(Image-backed grounding data)
━━━━━━━━━━━━━━━━━━━━
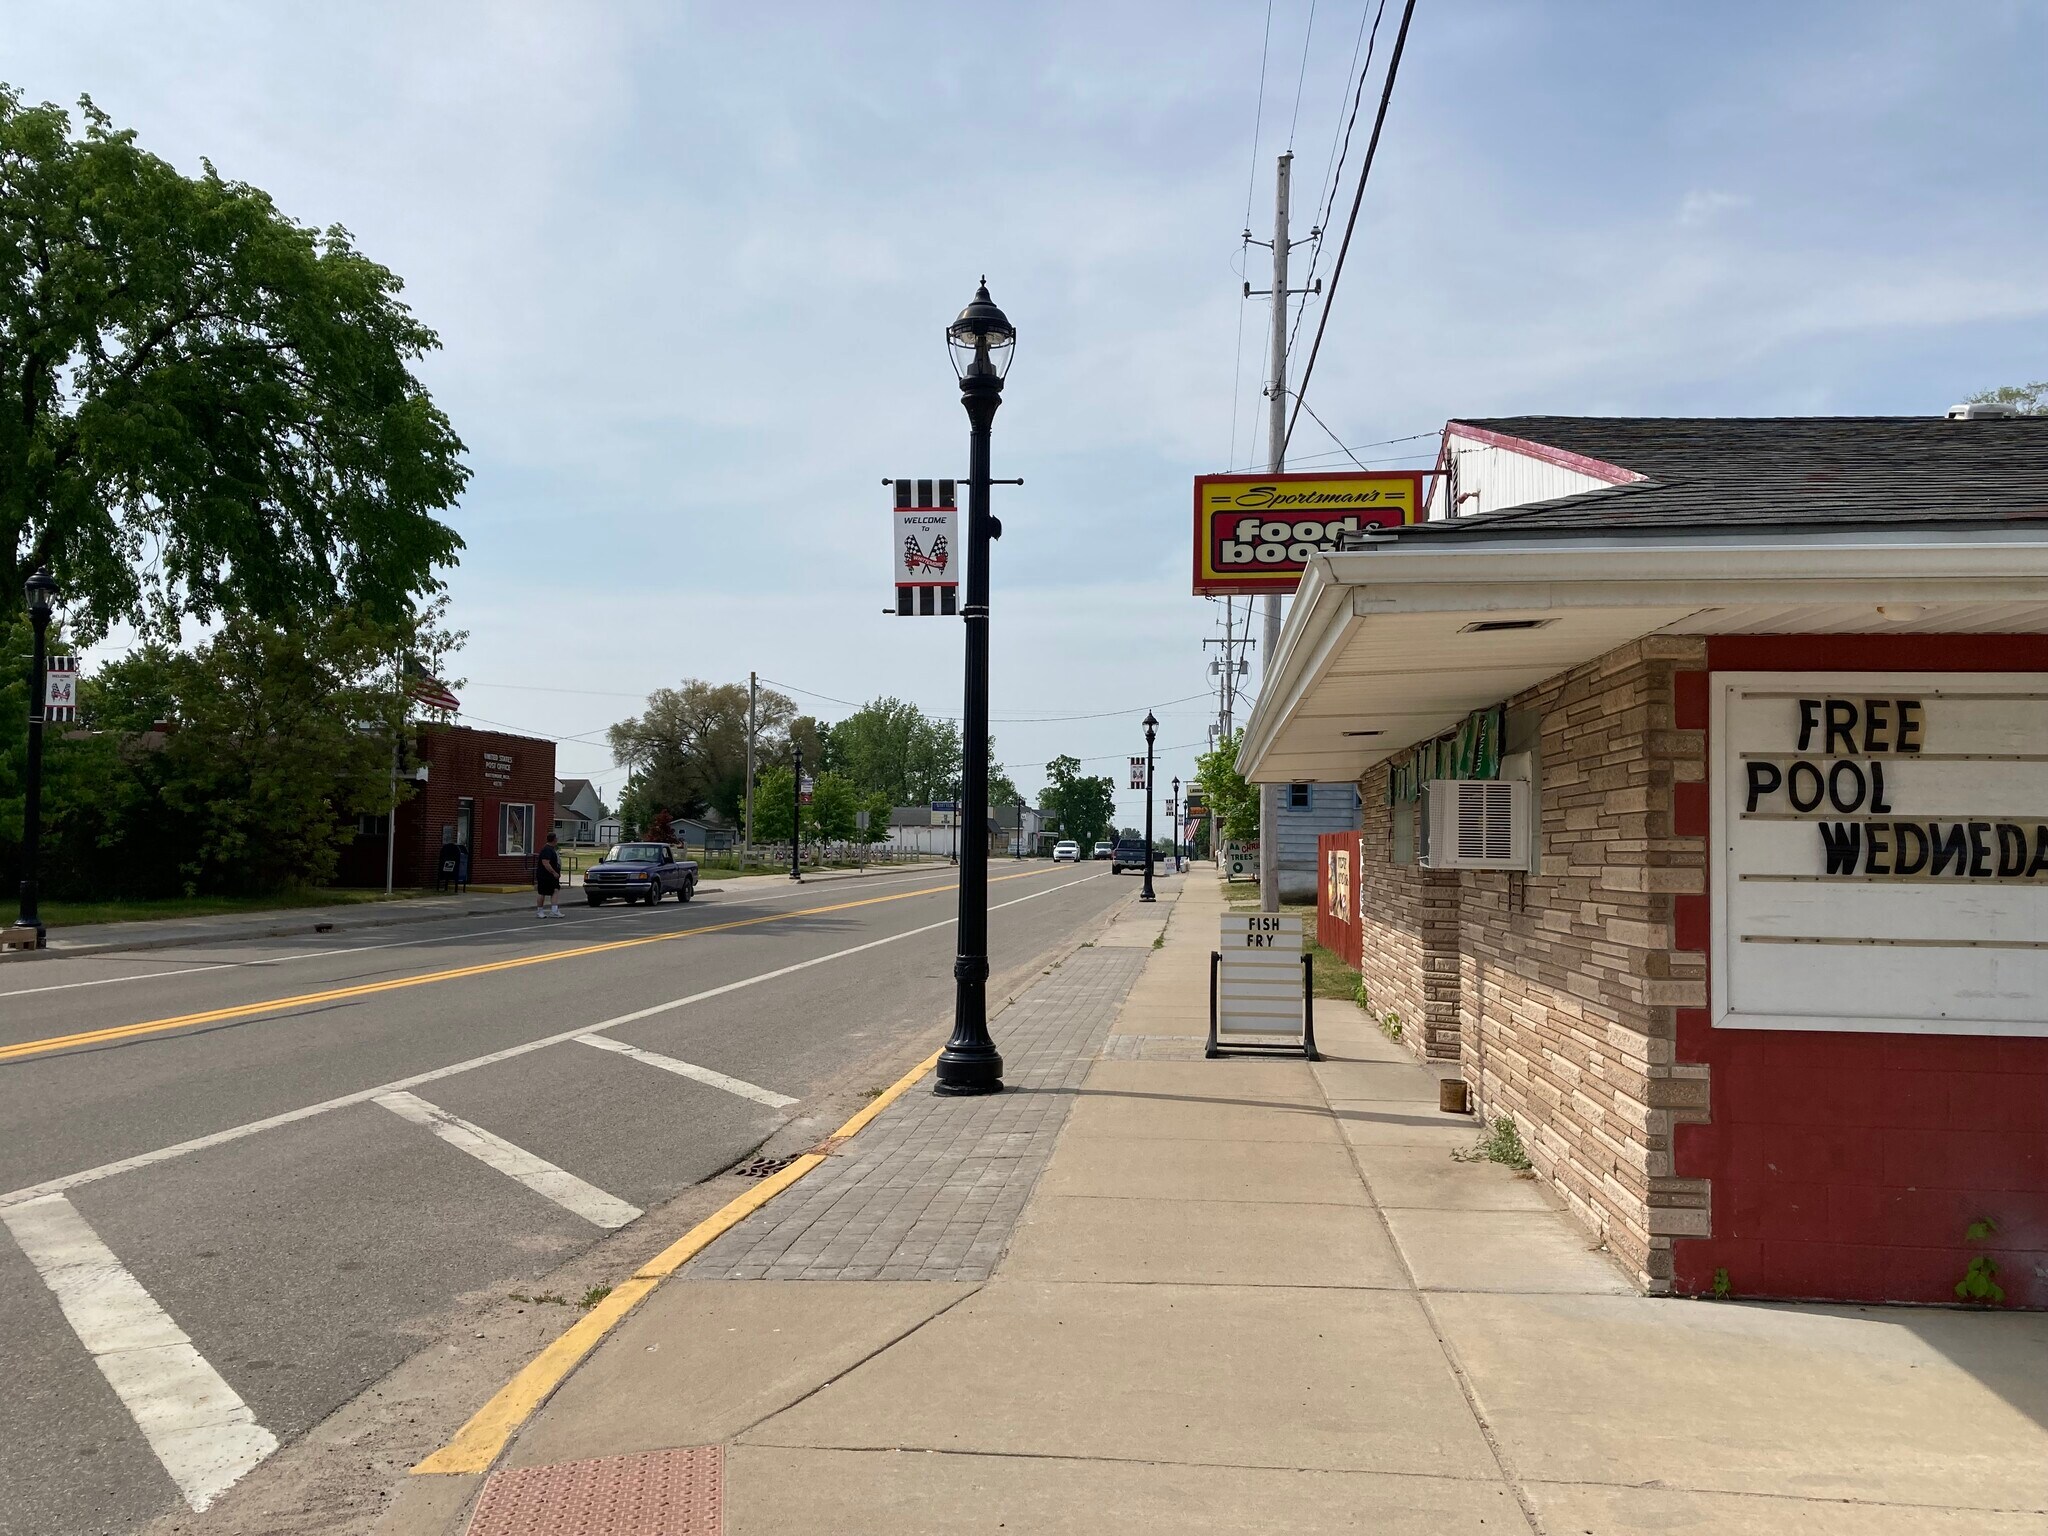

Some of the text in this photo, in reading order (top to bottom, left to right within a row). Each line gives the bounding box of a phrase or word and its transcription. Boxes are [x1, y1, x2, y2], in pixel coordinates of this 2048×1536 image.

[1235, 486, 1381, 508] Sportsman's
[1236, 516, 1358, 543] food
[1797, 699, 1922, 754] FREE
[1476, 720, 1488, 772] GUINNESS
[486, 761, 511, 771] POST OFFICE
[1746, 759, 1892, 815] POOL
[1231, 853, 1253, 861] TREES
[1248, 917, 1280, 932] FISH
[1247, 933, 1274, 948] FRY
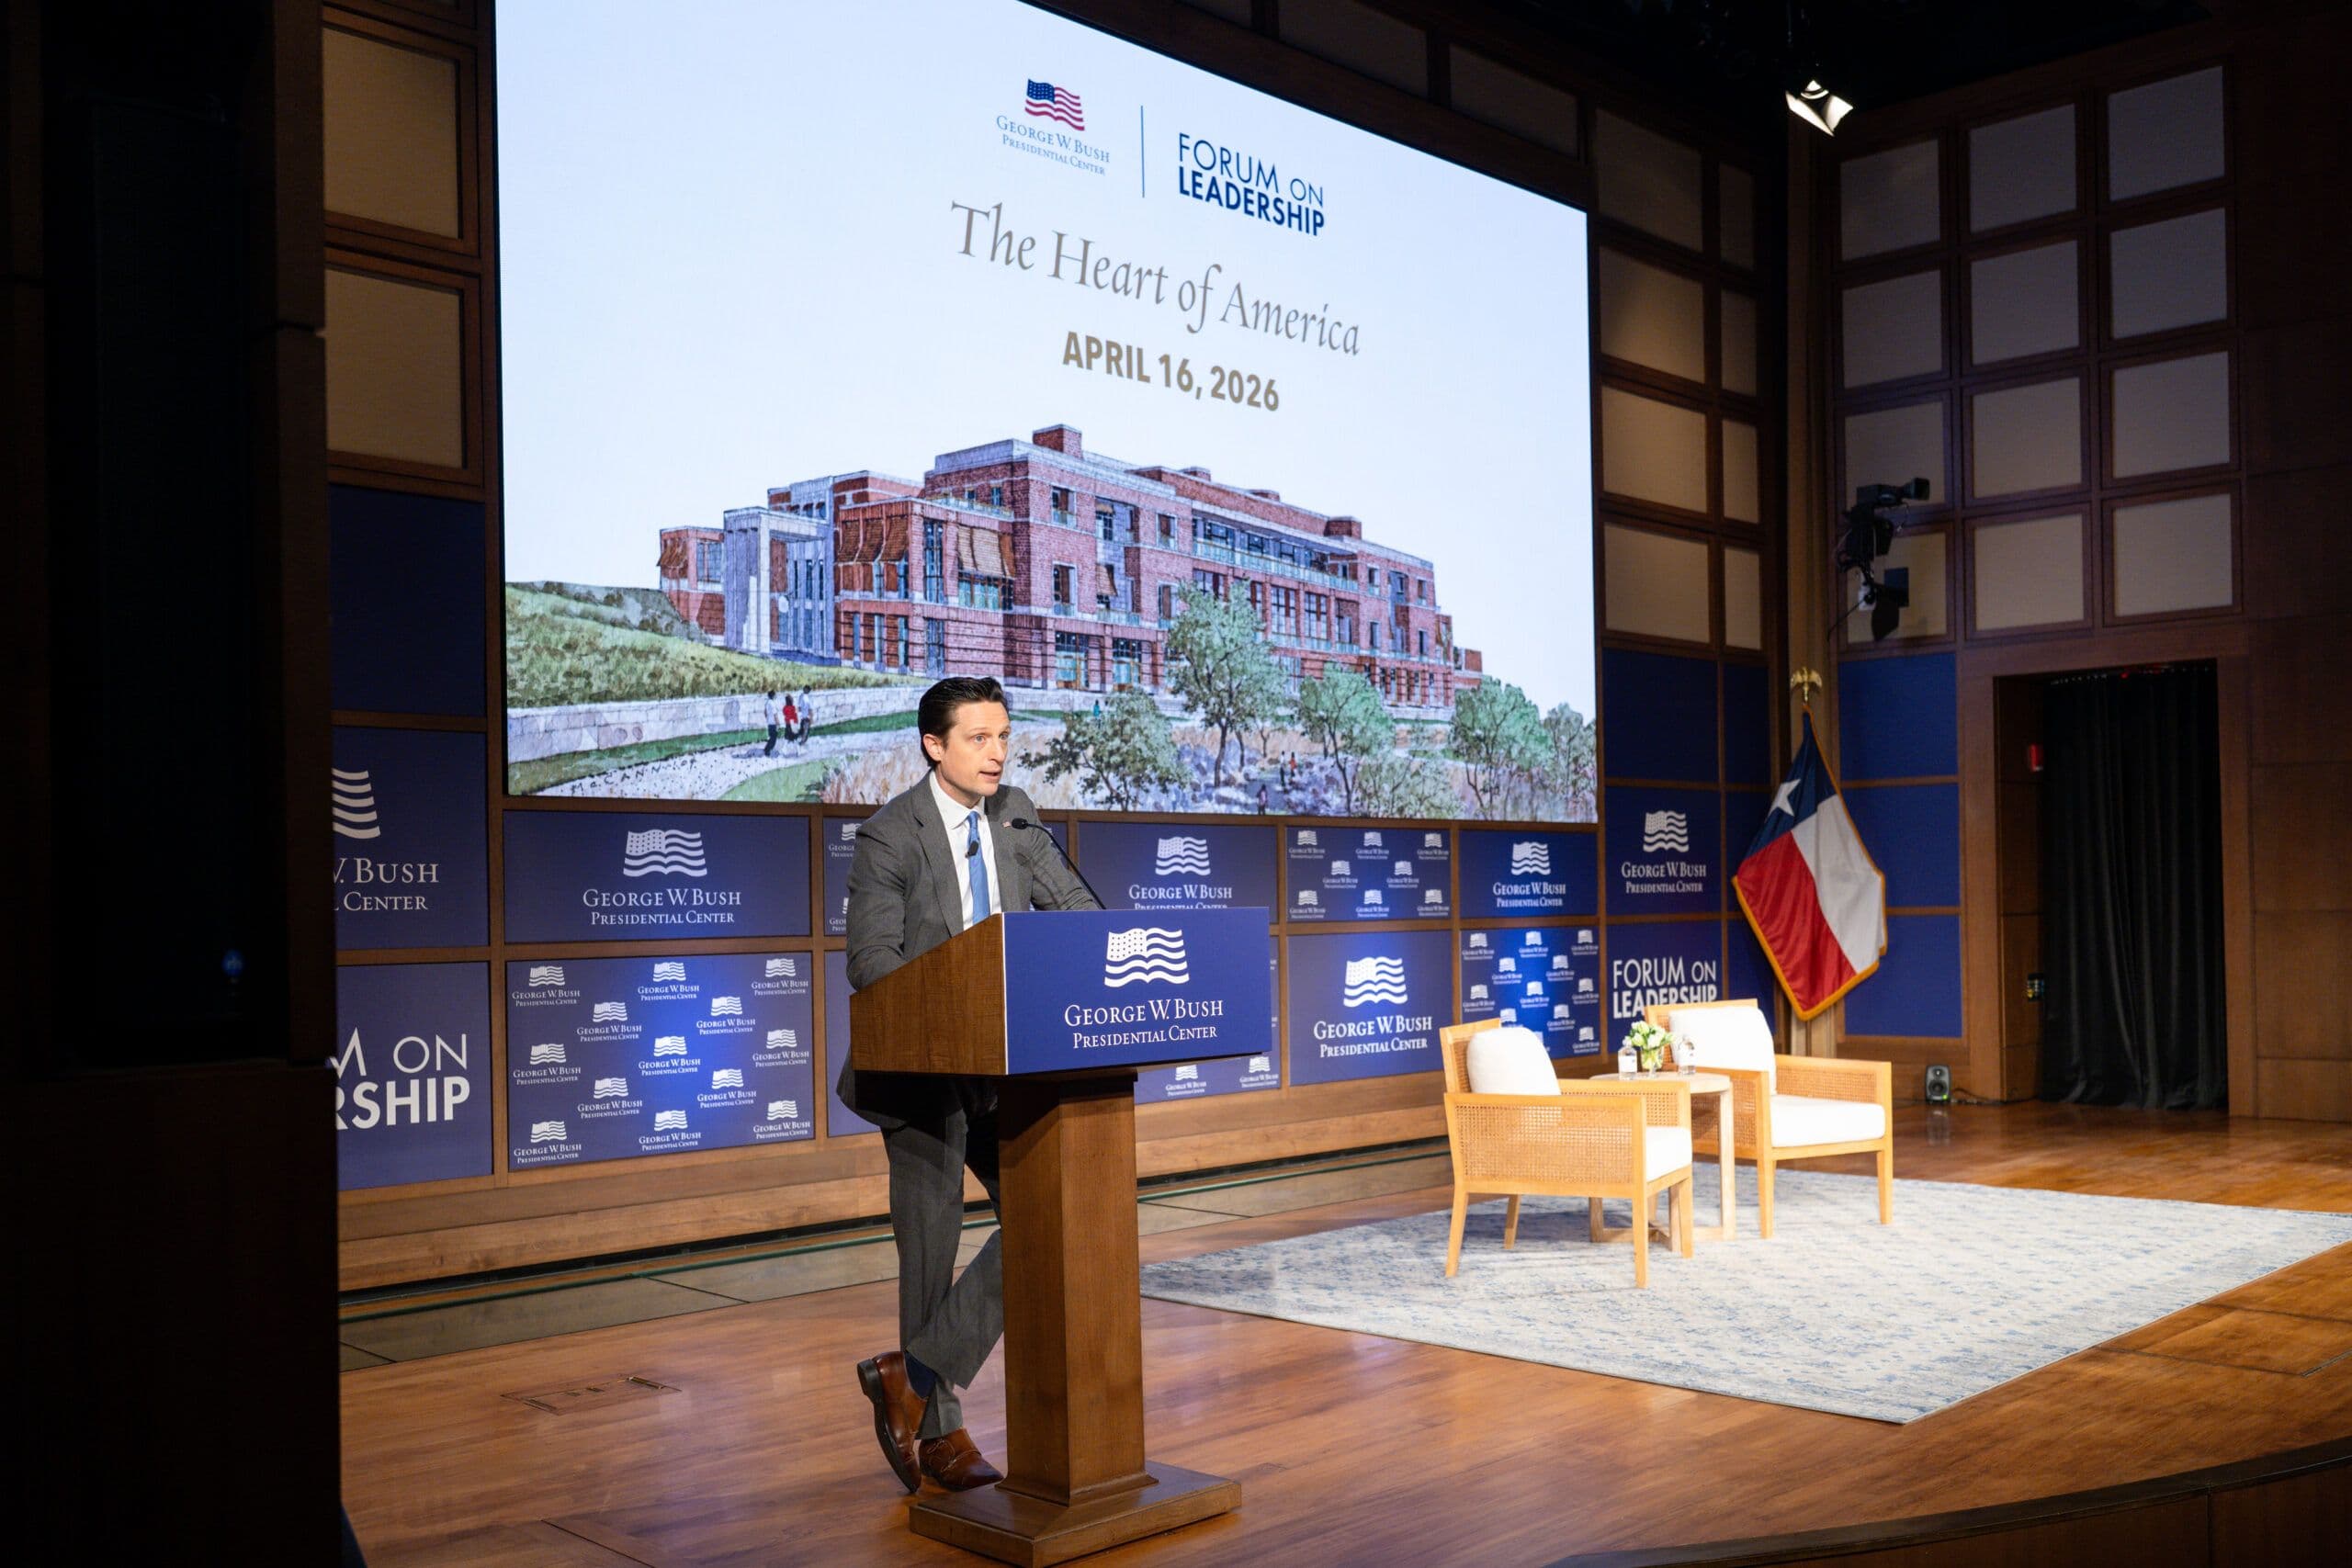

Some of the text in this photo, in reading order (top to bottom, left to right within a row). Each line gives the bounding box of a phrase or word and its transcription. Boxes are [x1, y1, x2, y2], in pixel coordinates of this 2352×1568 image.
━━━━━━━━━━━━━━━━━━━━
__WHAT TO WORK ON__.
Should the entries hold any pictures, please omit those and print the remaining text exactly.

__SOLUTION TO THIS PROBLEM__.
Some of the text in this photo, in reading order (top to bottom, left to right within a row). Each line gives the bounding box of a phrase or word and its transcription. Boxes are [x1, y1, x2, y2], in pixel coordinates of this 2048×1536 image.

[1235, 486, 1381, 508] Sportsman's
[1236, 516, 1358, 543] food
[1797, 699, 1922, 754] FREE
[1476, 720, 1488, 772] GUINNESS
[486, 761, 511, 771] POST OFFICE
[1746, 759, 1892, 815] POOL
[1231, 853, 1253, 861] TREES
[1248, 917, 1280, 932] FISH
[1247, 933, 1274, 948] FRY

Some of the text in this photo, in reading order (top to bottom, left to right within a row). Each line gives the bounding box of a phrase or word and its transcription. Boxes are [x1, y1, x2, y2], in pixel coordinates of this 2352×1568 image.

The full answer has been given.